Before we start practicing, we need to remember that everything is different in space, and driving this thing is totally different from driving it on the road.

Physics will not change. What has changed is the way we navigate the same universe.

That’s what learning functional programming is all about. Be prepared for most things to change. And existing programming knowledge doesn’t help much.

Programming is the way of thinking, and functional programming is the new way of thinking. Once you get used to this new way of thinking, you may not even be able to go back.

I forgot everything I knew

People like to say this, and there’s some truth to it. Learning functional programming is like learning from scratch. It’s not accurate, but it makes sense. Functional programming has many similar concepts, but it’s best to relearn everything yourself.

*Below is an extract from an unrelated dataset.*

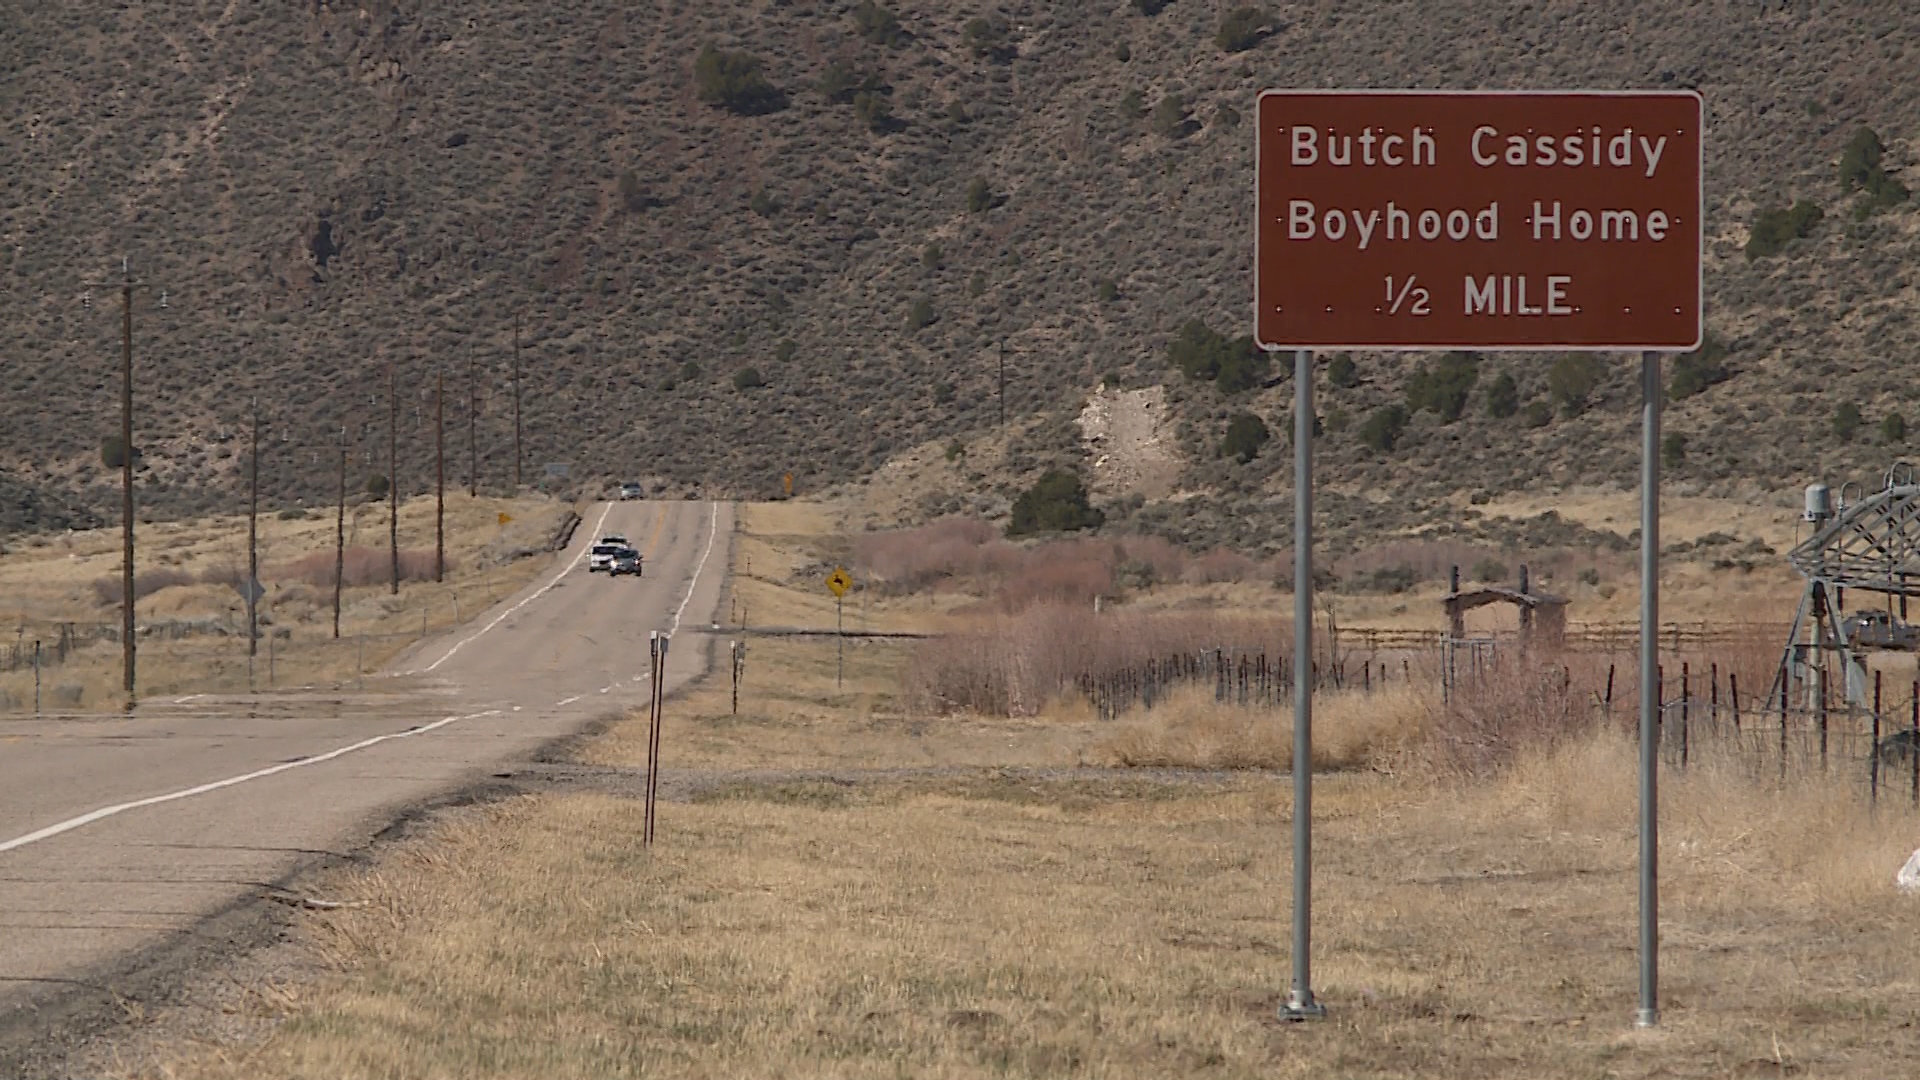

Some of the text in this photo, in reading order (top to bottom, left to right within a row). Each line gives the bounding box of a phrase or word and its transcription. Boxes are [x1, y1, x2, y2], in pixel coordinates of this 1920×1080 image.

[1290, 126, 1667, 177] Butch Cassidy
[1288, 200, 1671, 249] Boyhood Home
[1464, 275, 1573, 315] MILE
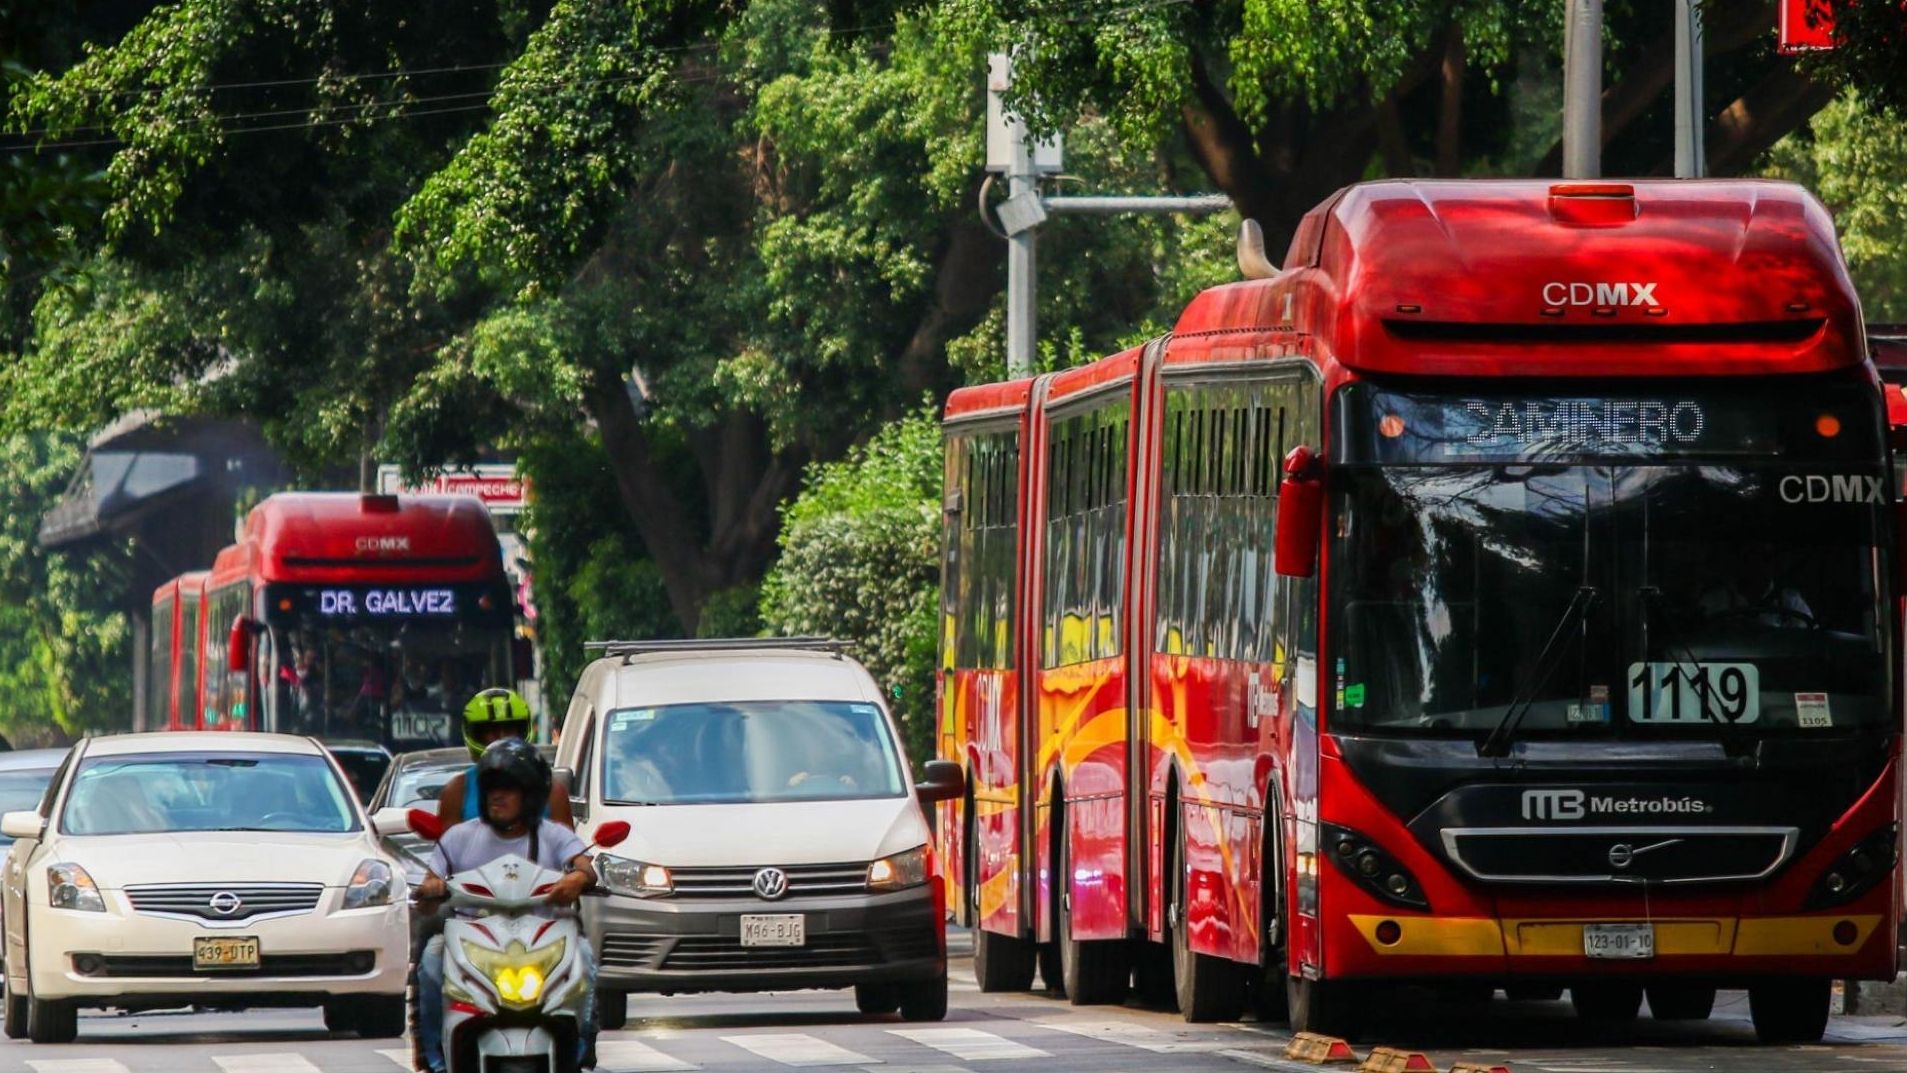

With the right way of thinking, there will be the right expectations, and the right expectations will not give up easily in the face of difficulties.

A lot of the things that you’re used to in functional programming don’t work.

It’s like driving a car when you’re used to backing out of a garage, but when you drive a spaceship, you realize there’s no reverse gear. You think, “What? No reverse?! How the hell am I supposed to drive when I can’t reverse?!”

Well, you don’t actually have to go into reverse gear when you fly a spaceship, because it’s moving in three dimensions. Once you know that, you’ll never think about reversing. In fact, one day you’ll remember how many restrictions you had when you were driving.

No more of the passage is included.